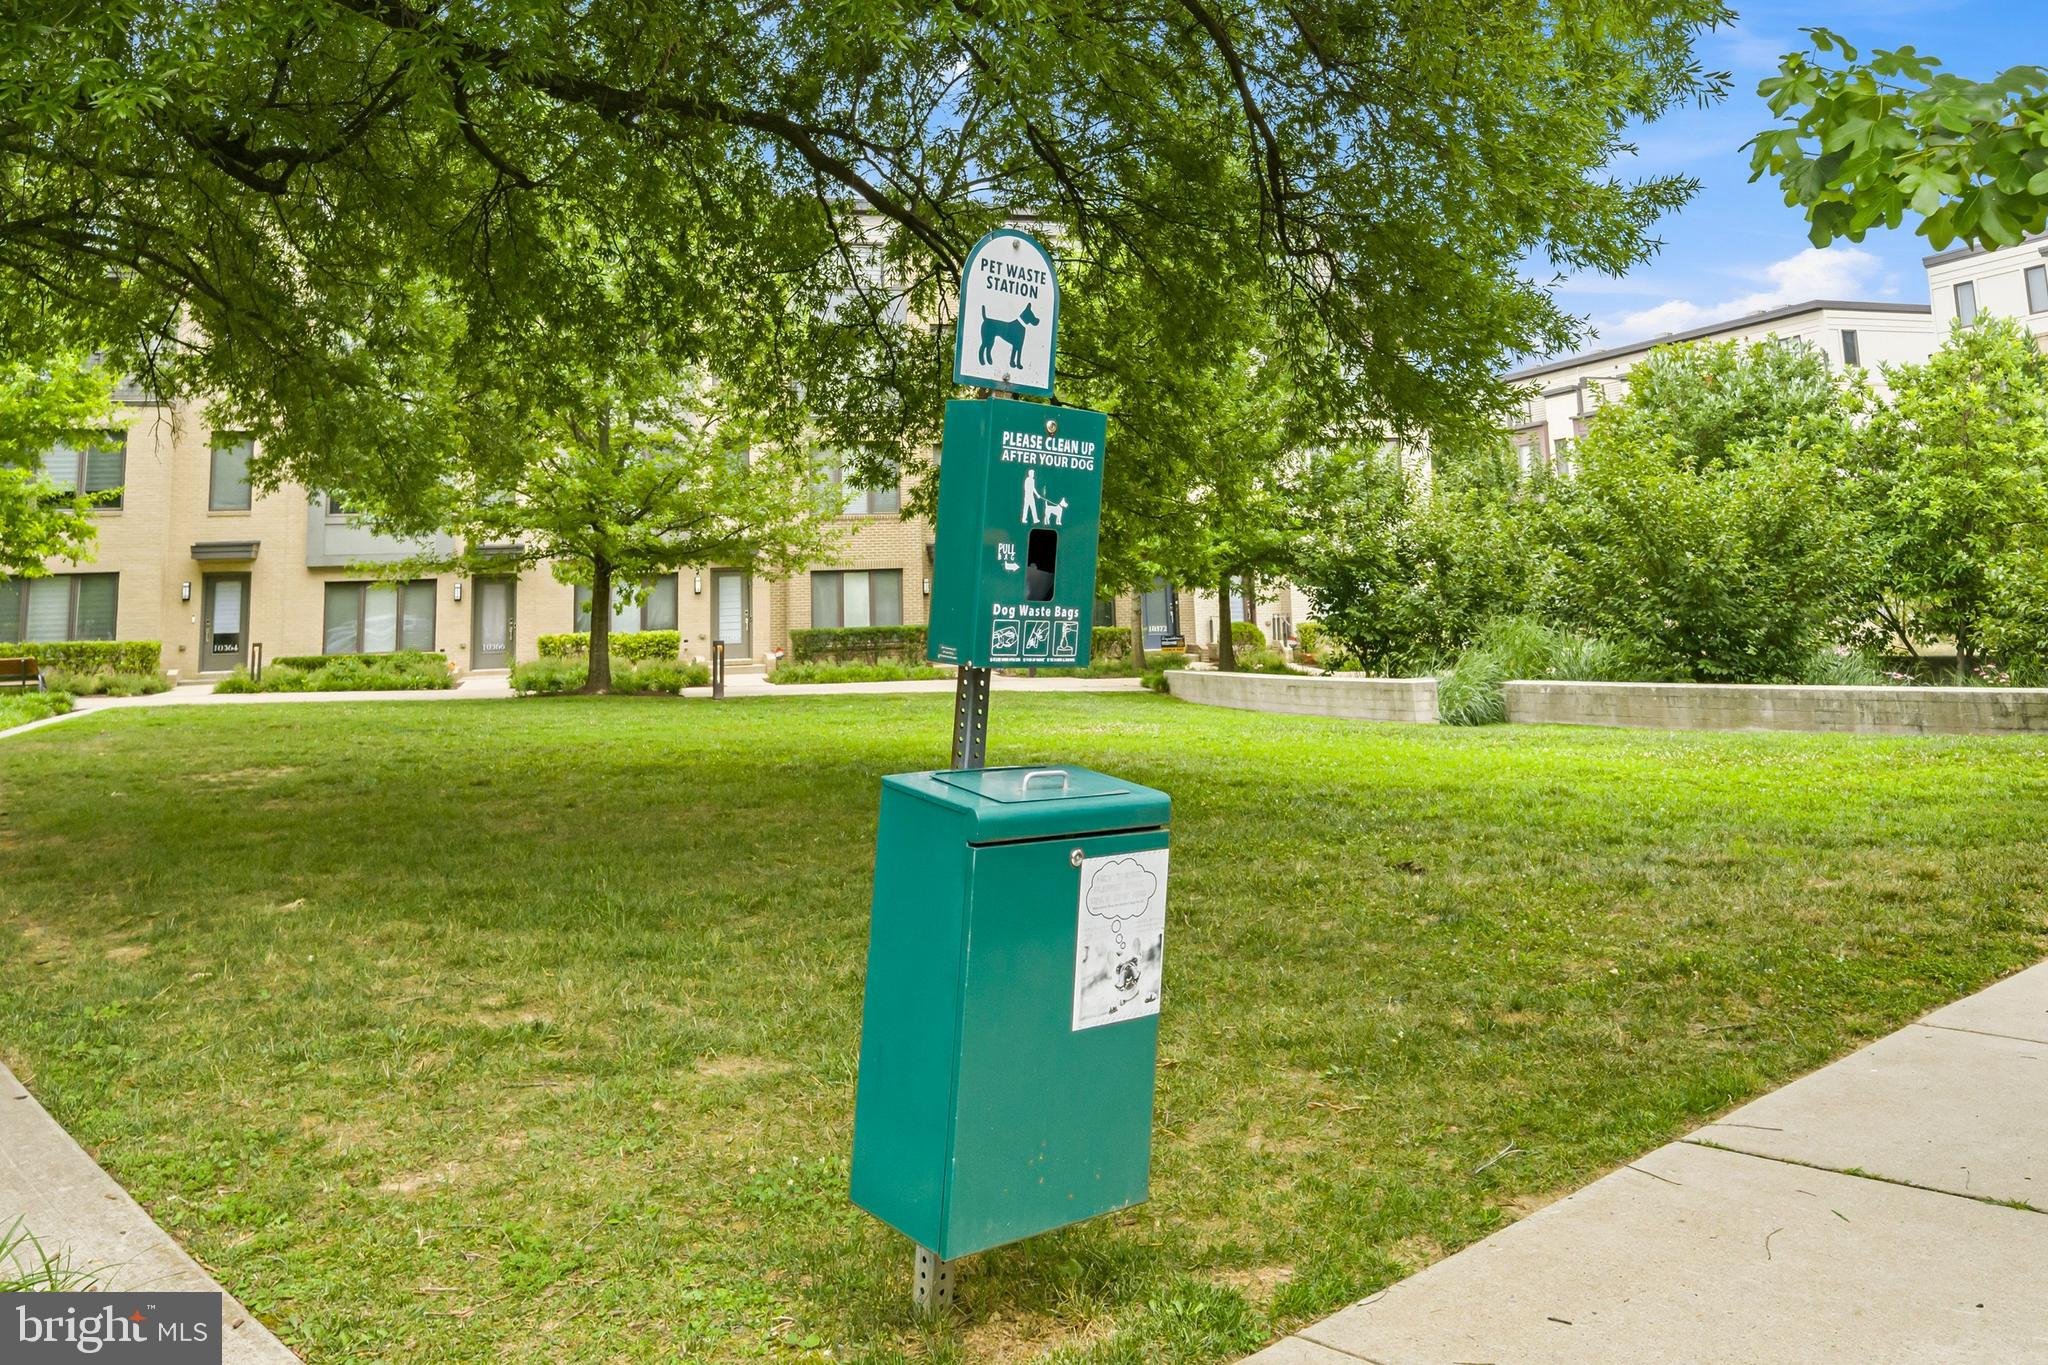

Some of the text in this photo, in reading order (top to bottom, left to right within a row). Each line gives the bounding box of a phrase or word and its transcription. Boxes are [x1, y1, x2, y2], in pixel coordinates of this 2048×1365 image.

[980, 257, 1047, 285] PET WASTE
[986, 275, 1039, 299] STATION
[1002, 431, 1095, 456] PLEASE CLEAN UP
[1001, 450, 1094, 471] AFTER YOUR DOG
[997, 543, 1016, 555] PULL
[993, 603, 1079, 620] Dog Waste Bags

→ Your goal
What is needed is an exact copy of the records above, with no pictures in it.

→ Written response
Some of the text in this photo, in reading order (top to bottom, left to right within a row). Each line gives the bounding box of a phrase or word and its transcription. Boxes are [x1, y1, x2, y2], in pixel coordinates of this 2048×1365 image.

[980, 257, 1047, 285] PET WASTE
[986, 275, 1039, 299] STATION
[1002, 431, 1095, 456] PLEASE CLEAN UP
[1001, 450, 1094, 471] AFTER YOUR DOG
[997, 543, 1016, 555] PULL
[993, 603, 1079, 620] Dog Waste Bags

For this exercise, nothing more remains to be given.